Eleanor C Williams, Lovisa Franzén, Martina Olsson Lindvall, Gregory Hamm, Steven Oag, Muntasir Mamun Majumder, James Denholm, Azam Hamidinekoo, Javier Escudero Morlanes, Marco Vicari, Joakim Lundeberg, Laura Setyo, Trevor M Godfrey, Livia S Eberlin, Aleksandr Zakirov
Abstract
Open AccessRecent developments in spatially resolved -omics have enabled the joint study of gene expression, metabolite levels and tissue morphology, offering greater insights into biological pathways. Integrating these modalities from matched tissue sections to probe spatially-coordinated processes, however, remains challenging. Here we introduce MAGPIE, a framework for co-registering spatially resolved transcriptomics, metabolomics, and tissue morphology from the same or consecutive sections.

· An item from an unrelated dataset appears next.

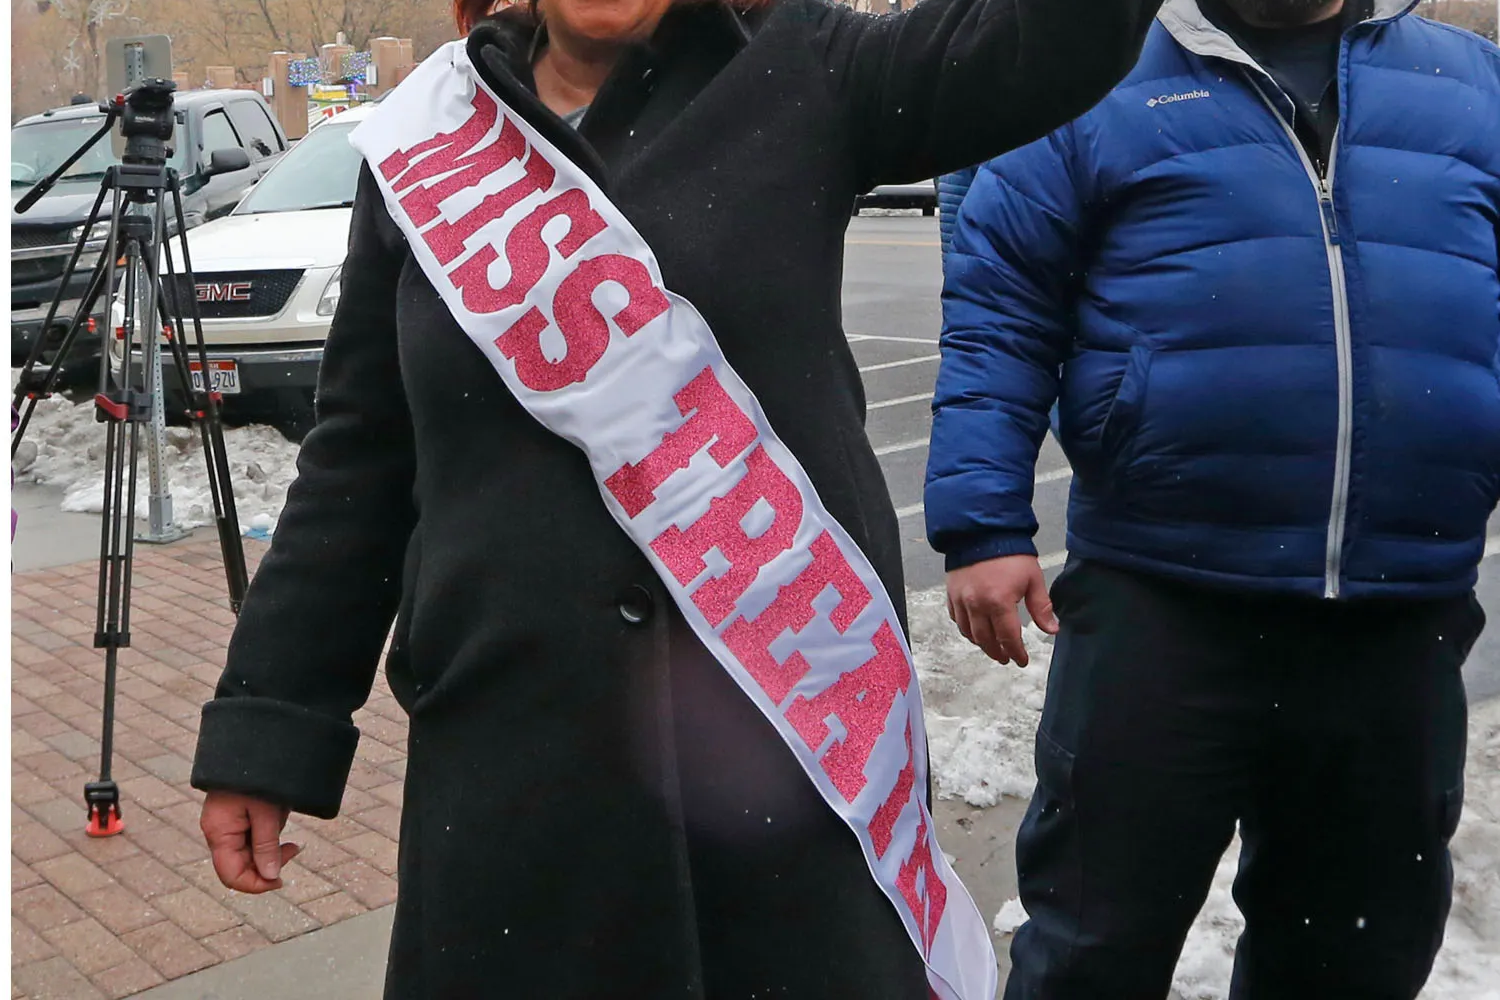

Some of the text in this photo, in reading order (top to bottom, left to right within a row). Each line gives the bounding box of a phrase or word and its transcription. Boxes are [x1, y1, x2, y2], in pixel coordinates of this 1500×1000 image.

We show MAGPIE's generalisability and scalability on spatial multi-omics data from multiple tissues, combining Visium with MALDI and DESI mass spectrometry imaging. MAGPIE was also applied to new multi-modal datasets generated with a specialised sampling strategy to characterise the metabolic and transcriptomic landscape in an in vivo model of drug-induced pulmonary fibrosis and to link small-molecule co-detection with endogenous lung responses. MAGPIE demonstrates the refined resolution and enhanced interpretability that spatial multi-modal analyses provide for studying tissue injury especially in pharmacological contexts, and delivers a modular, accessible workflow for data integration.